Fact, by Sonya Huber

FACT (UNKNOWN - 2016)
 

Fact was downed in battle, but the details stutter in, contradictory and strange. With no body, they tell me, closure is a challenge. They tell me it’s best to move on and start a new and smaller post-Fact life. How can I explain the specific and solid love that touches me still? Fact backed me up, convinced me I could trust my eyes and heart; fact got me out of every jam and took me to task. Fact never took my shit but also claimed and owned gaps as needed. I’m no idiot—I know the slip and slide of numbers, the partial story, or the sting of a lyrical line cut with logic’s blade. I know Fact was a thousand people, all the ancestors carried in iris and muscle.

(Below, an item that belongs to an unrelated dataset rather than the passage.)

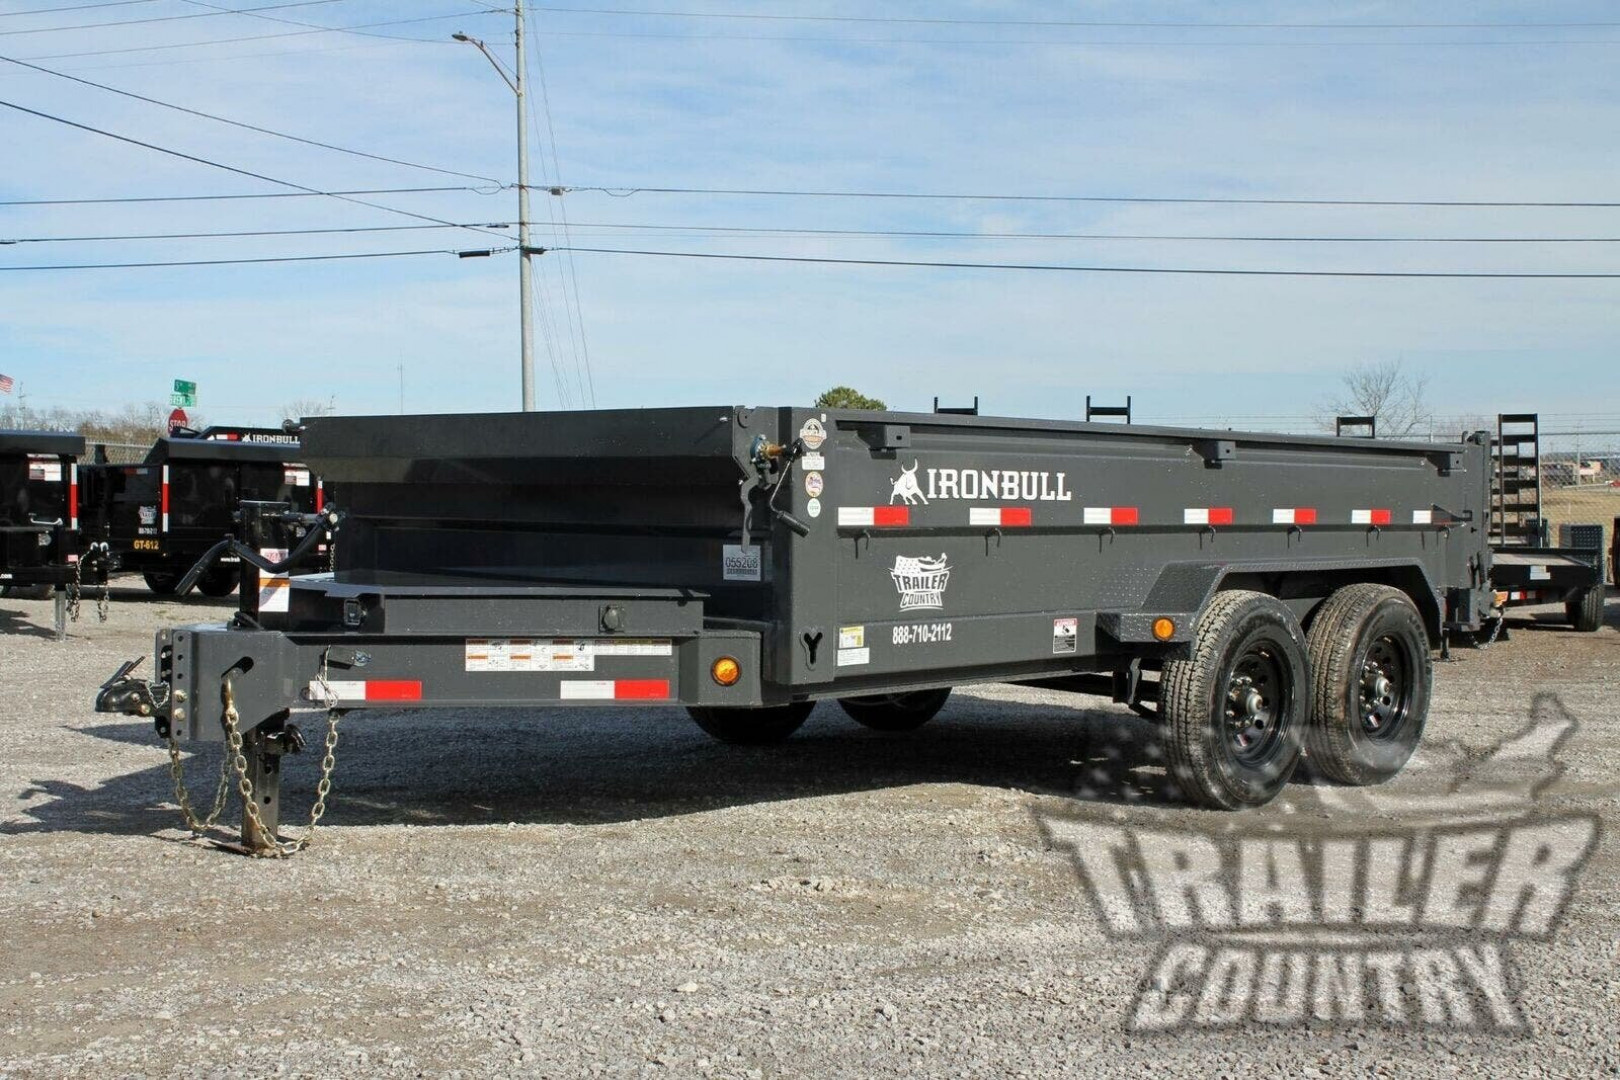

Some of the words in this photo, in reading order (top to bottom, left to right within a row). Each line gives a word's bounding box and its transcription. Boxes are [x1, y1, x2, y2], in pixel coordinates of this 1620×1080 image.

Fact was fallible, not some idol I worshipped. With a twitch of my shoulder or a pause, I could move Fact. And when I nudged Fact to consider a new view—say from the porch to the shaded park—we sat thigh to thigh and Fact turned to see vistas of detail, flower petal to pond’s trickle. Fact loved the world as it was, which is something you can say about nobody else but Jesus and Buddha.

And now there is a place here where Fact was. Was it an abduction? A bizarre ritual sacrifice? The slow dosing to render Fact muddled and a danger? An assassination of character, a nudge toward suicide, a one-two punch, a pay-off hit? The story itself unhinges, followed by my right to get a story at all. I stroke Fact’s birth certificate to remind myself of the details as recorded, as reported. Fact was never perfect, but Fact was mine. Maybe I’ll get one of those black flags and fly it in hopes that my prisoner of war is holed up in a cave, missing in action, missing in verb and noun and correlation to the concrete details. Will Fact bust out of some cell, emerge soul-shattered after torture but with a shadow of strength? How strong is Fact under interrogation and sheer brutality? Whether there’s a body or a being to be returned, I’ll wait for Fact to come to this house on this exact street, to these exact two arms, at a date and time still to be determined.

Sonya Huber is the author of five books, including three books of creative nonfiction: Opa Nobody, Cover Me: A Health Insurance Memoir, and Pain Woman Takes Your Keys: Essays from a Nervous System (forthcoming in 2017). Her other books include a textbook, The Backwards Research Guide for Writers: Using Your Life for Reflection, Connection, and Inspiration and The Evolution of Hillary Rodham Clinton.  Her work has been published in literary journals and magazines including The New York Times, Creative Nonfiction, Brevity, Fourth Genre, The Chronicle of Higher Education, and the Washington Post Magazine. She teaches in the Department of English at Fairfield University and in the Fairfield Low-Residency MFA Program.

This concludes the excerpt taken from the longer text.